(Phrase grounding data)
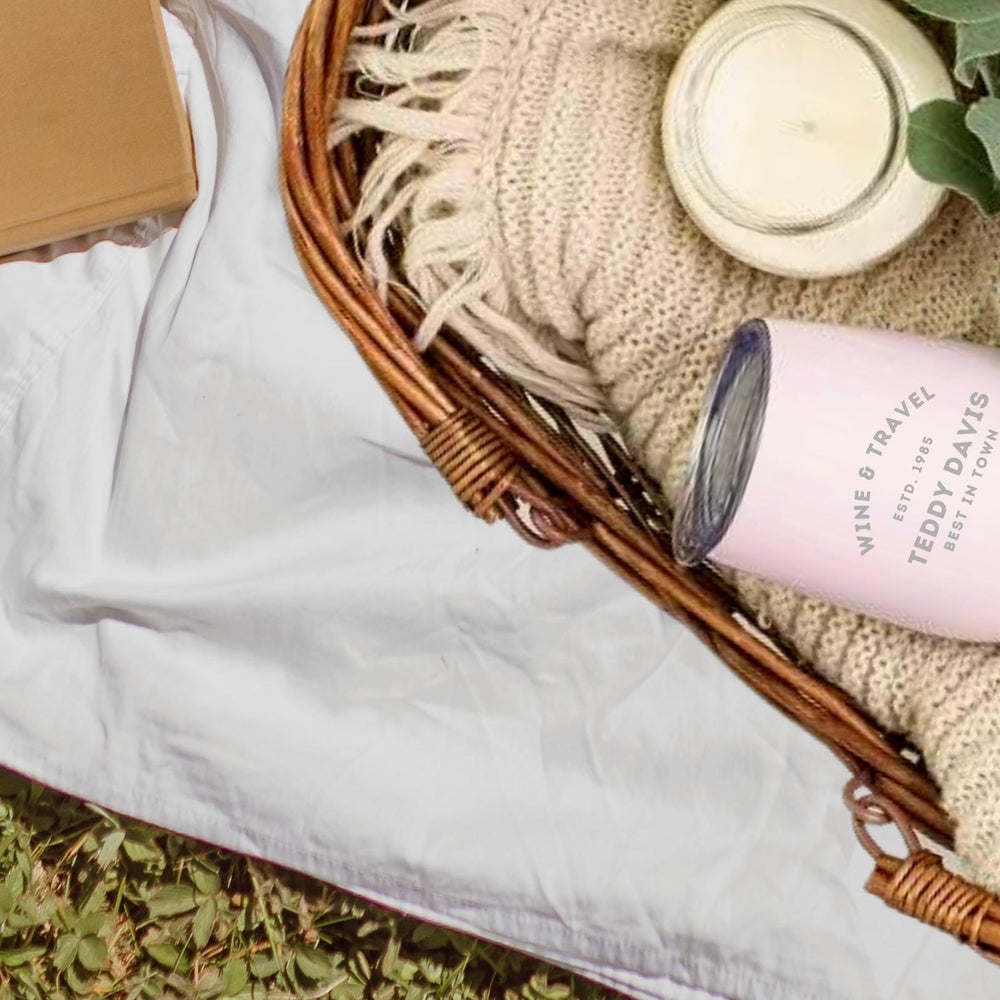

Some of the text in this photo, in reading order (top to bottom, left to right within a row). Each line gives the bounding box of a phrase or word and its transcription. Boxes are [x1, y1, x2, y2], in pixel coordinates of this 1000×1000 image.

[853, 385, 936, 557] WINE & TRAVEL
[892, 436, 933, 522] ESTD. 1985
[907, 391, 989, 565] TEDDY DAVIS
[943, 428, 999, 552] BEST IN TOWN
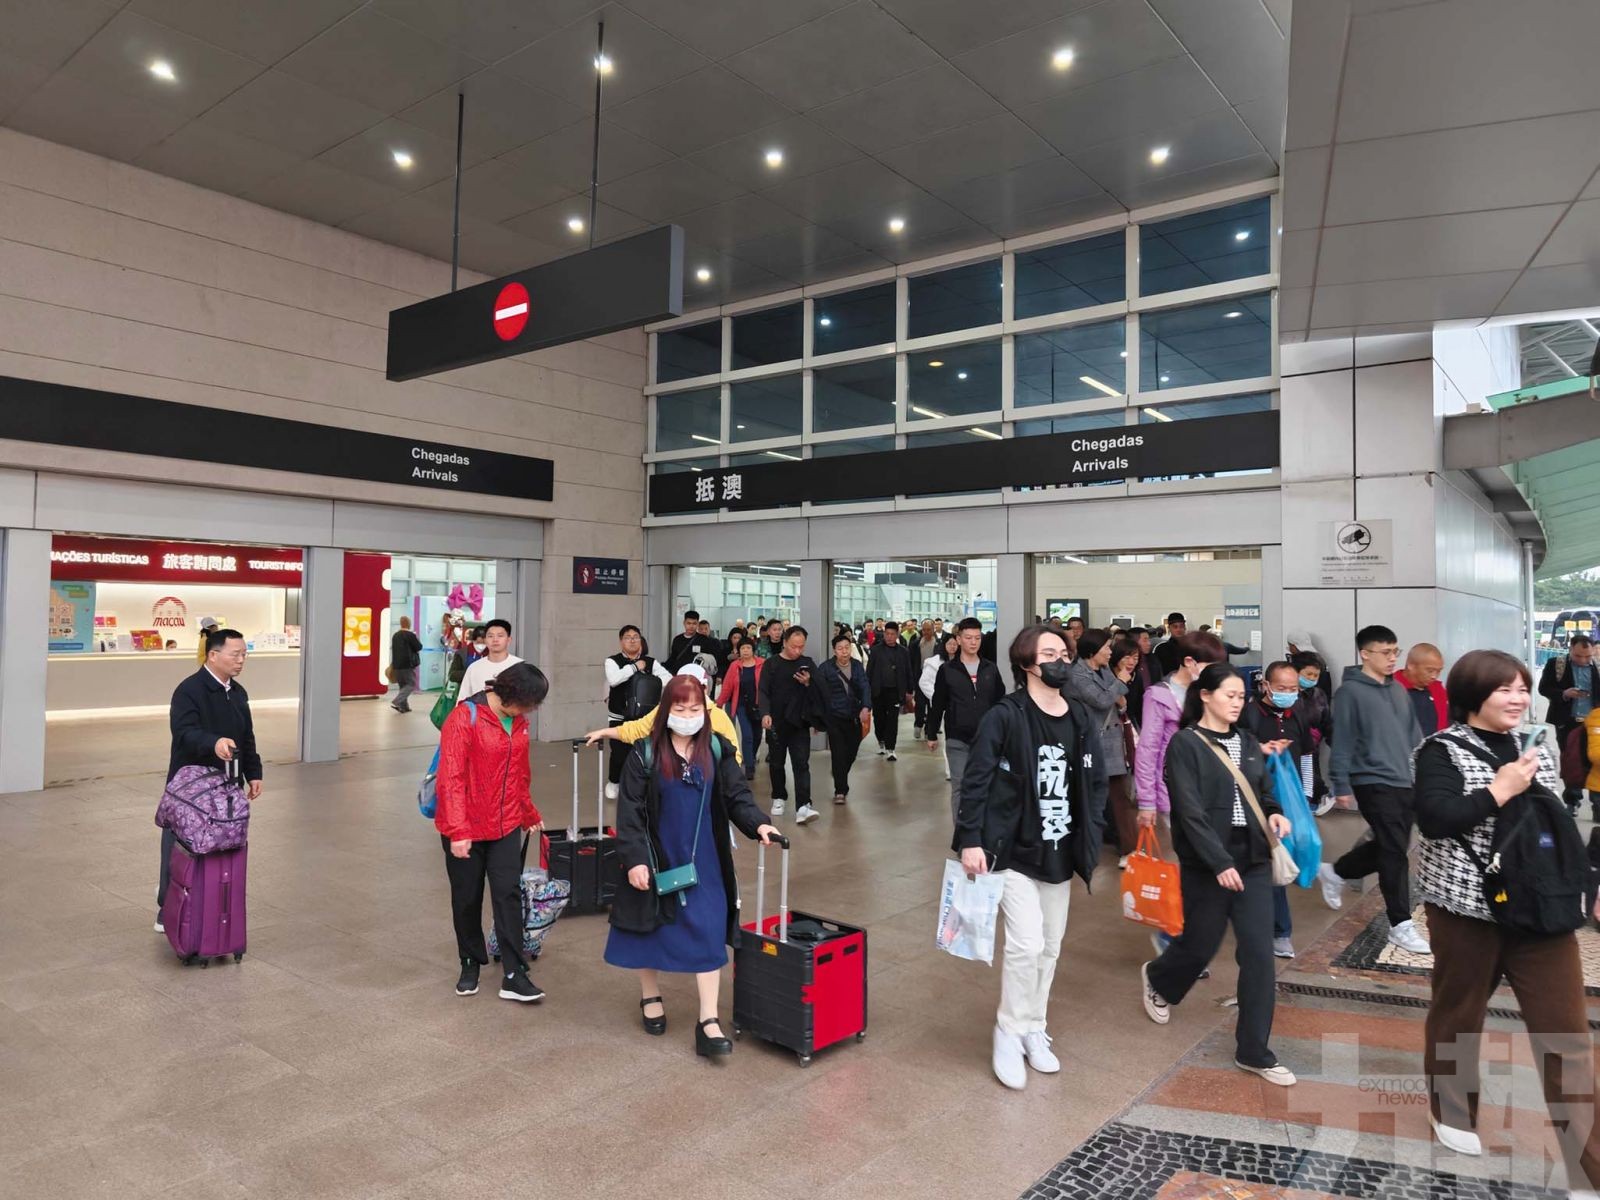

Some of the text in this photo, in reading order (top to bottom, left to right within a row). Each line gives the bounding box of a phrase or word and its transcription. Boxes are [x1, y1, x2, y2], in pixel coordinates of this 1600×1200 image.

[1071, 434, 1144, 452] Chegadas
[411, 447, 470, 466] Chegadas
[1072, 456, 1129, 473] Arrivals
[411, 466, 459, 482] Arrivals
[695, 473, 742, 502] 抵澳
[92, 552, 150, 565] TURÍSTICAS
[248, 560, 284, 570] TOURIST
[152, 616, 186, 627] macau
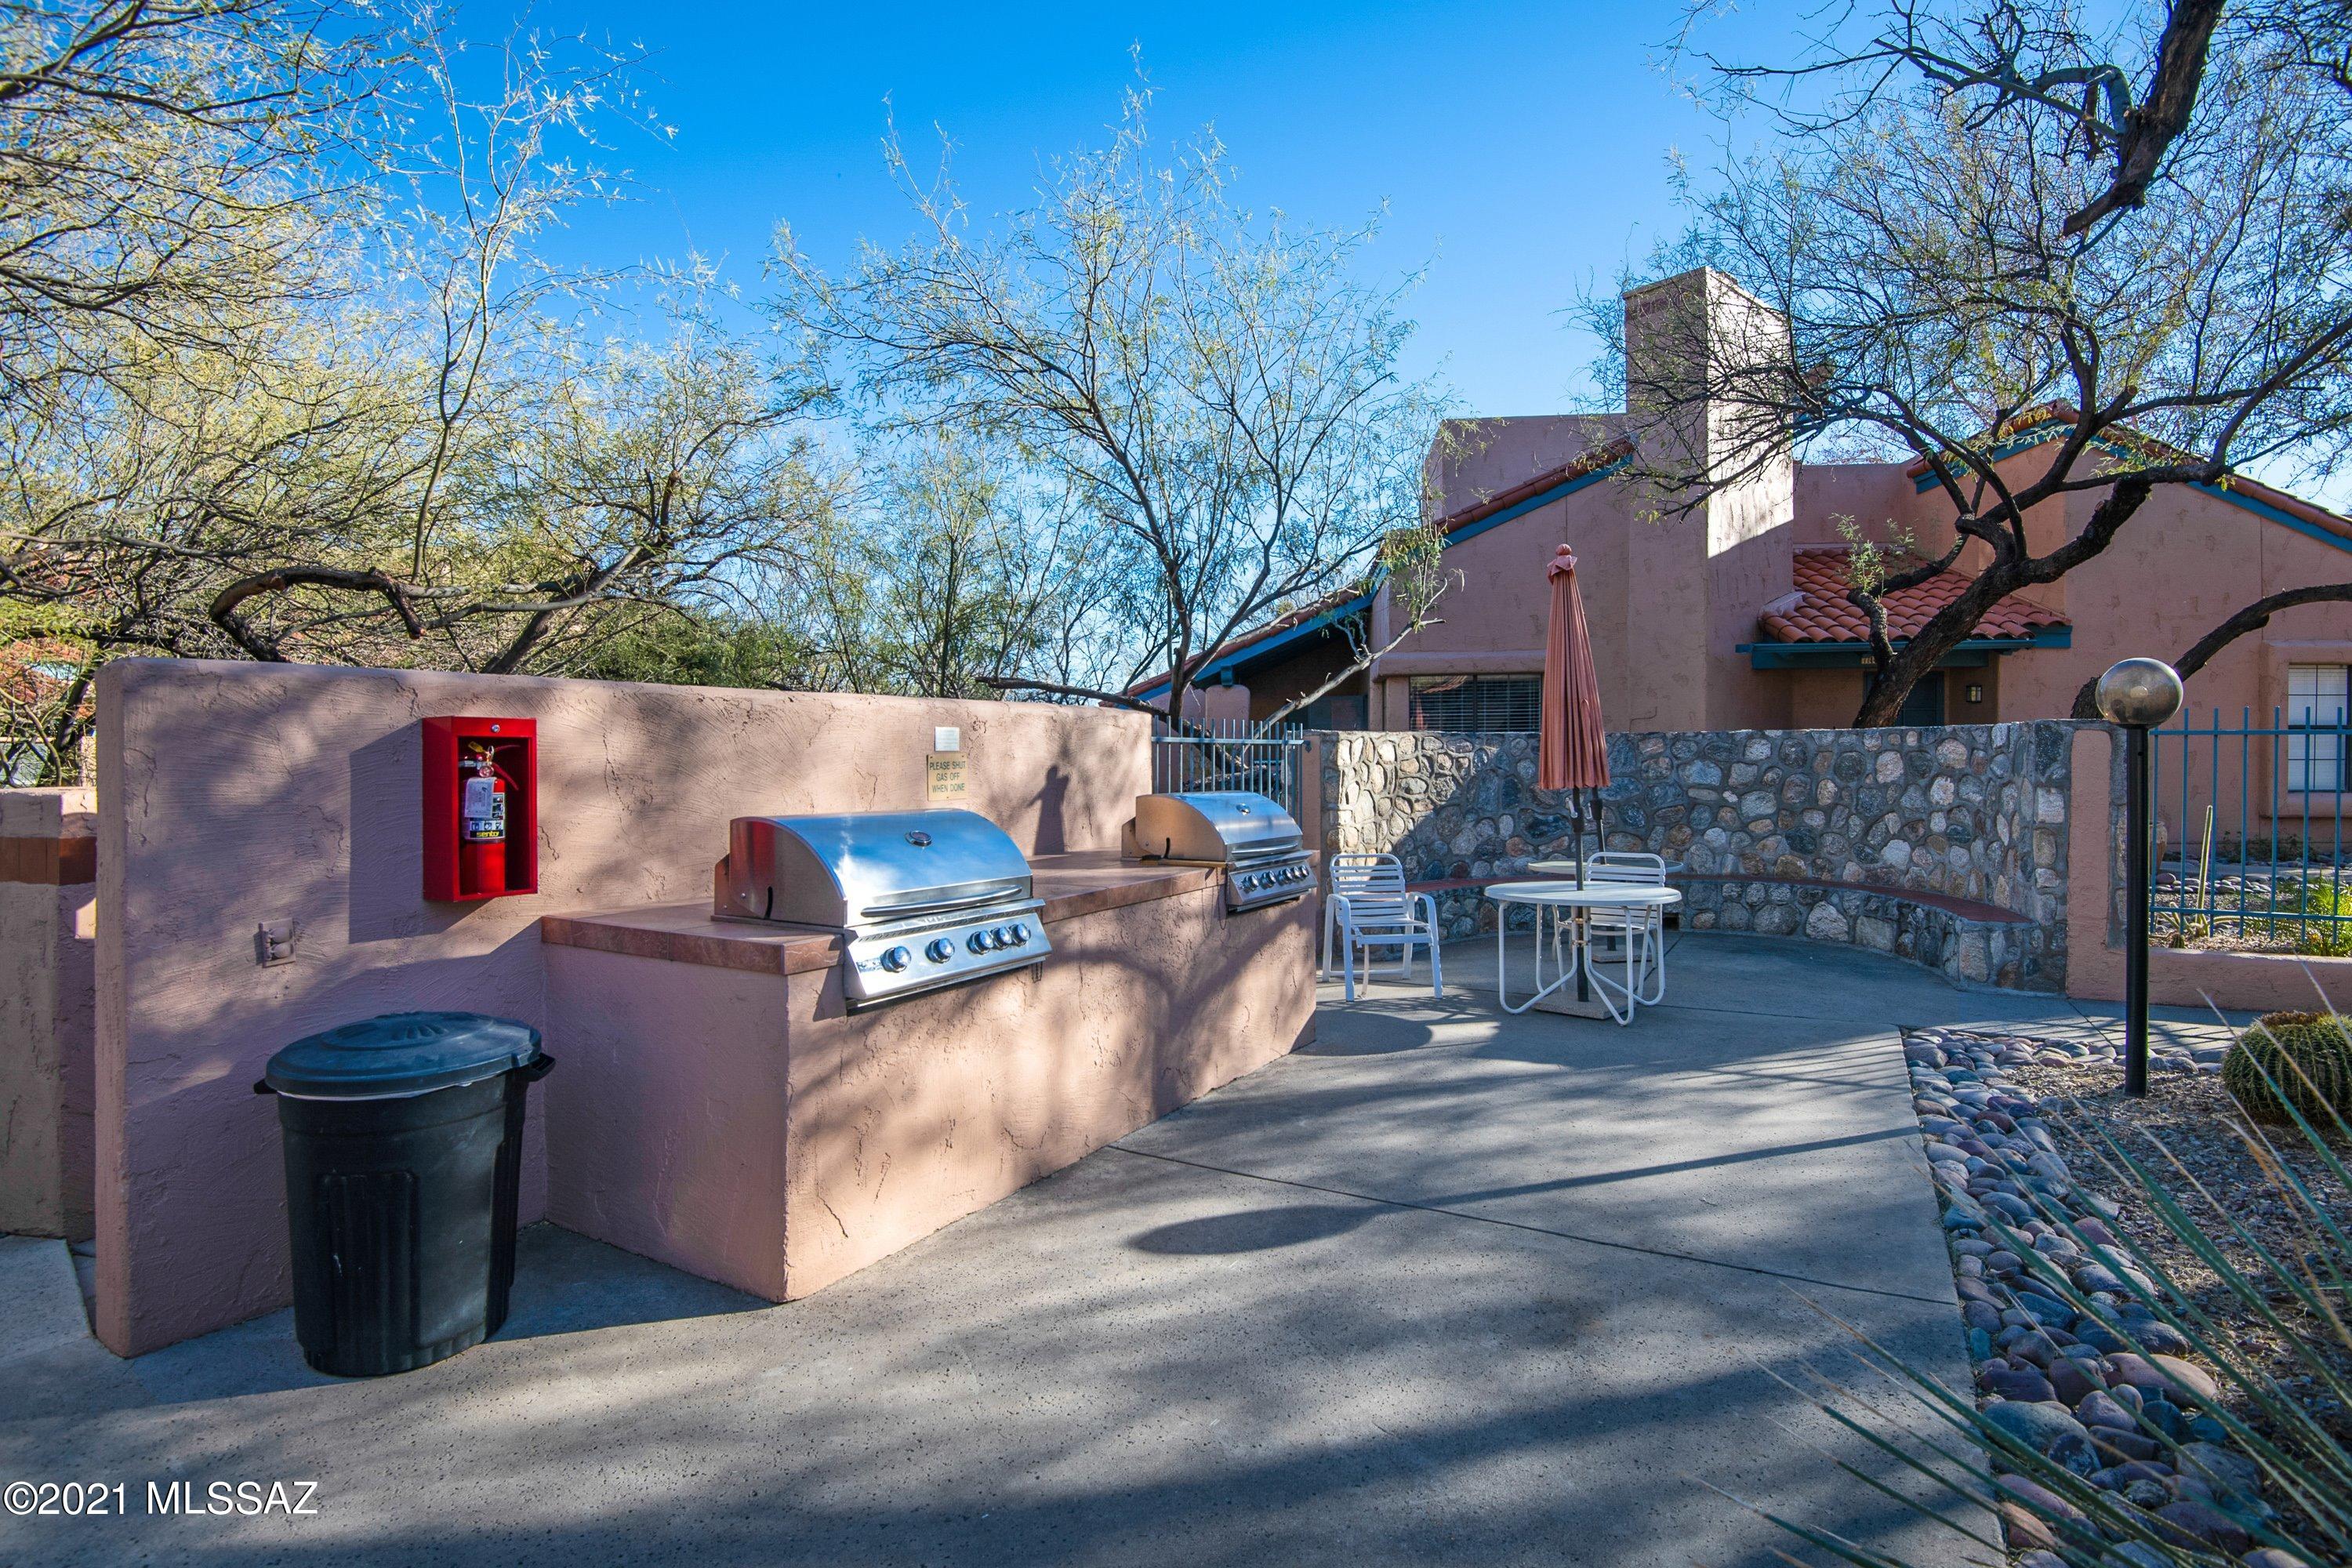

» ASSIGNED TASK: Take the entries shown above and quote them verbatim, passing over the pictures.

» SOLUTION BELOW:
Some of the text in this photo, in reading order (top to bottom, left to right within a row). Each line gives the bounding box of a phrase or word and its transcription. Boxes are [x1, y1, x2, y2], in pixel coordinates of this 1000×1000 image.

[853, 385, 936, 557] WINE & TRAVEL
[892, 436, 933, 522] ESTD. 1985
[907, 391, 989, 565] TEDDY DAVIS
[943, 428, 999, 552] BEST IN TOWN

Some of the text in this photo, in reading order (top to bottom, left to right within a row). Each line gives the bounding box of a phrase or word and its transcription. Boxes are [x1, y1, x2, y2], in pixel coordinates of this 1600×1200 image.

[1071, 434, 1144, 452] Chegadas
[411, 447, 470, 466] Chegadas
[1072, 456, 1129, 473] Arrivals
[411, 466, 459, 482] Arrivals
[695, 473, 742, 502] 抵澳
[92, 552, 150, 565] TURÍSTICAS
[248, 560, 284, 570] TOURIST
[152, 616, 186, 627] macau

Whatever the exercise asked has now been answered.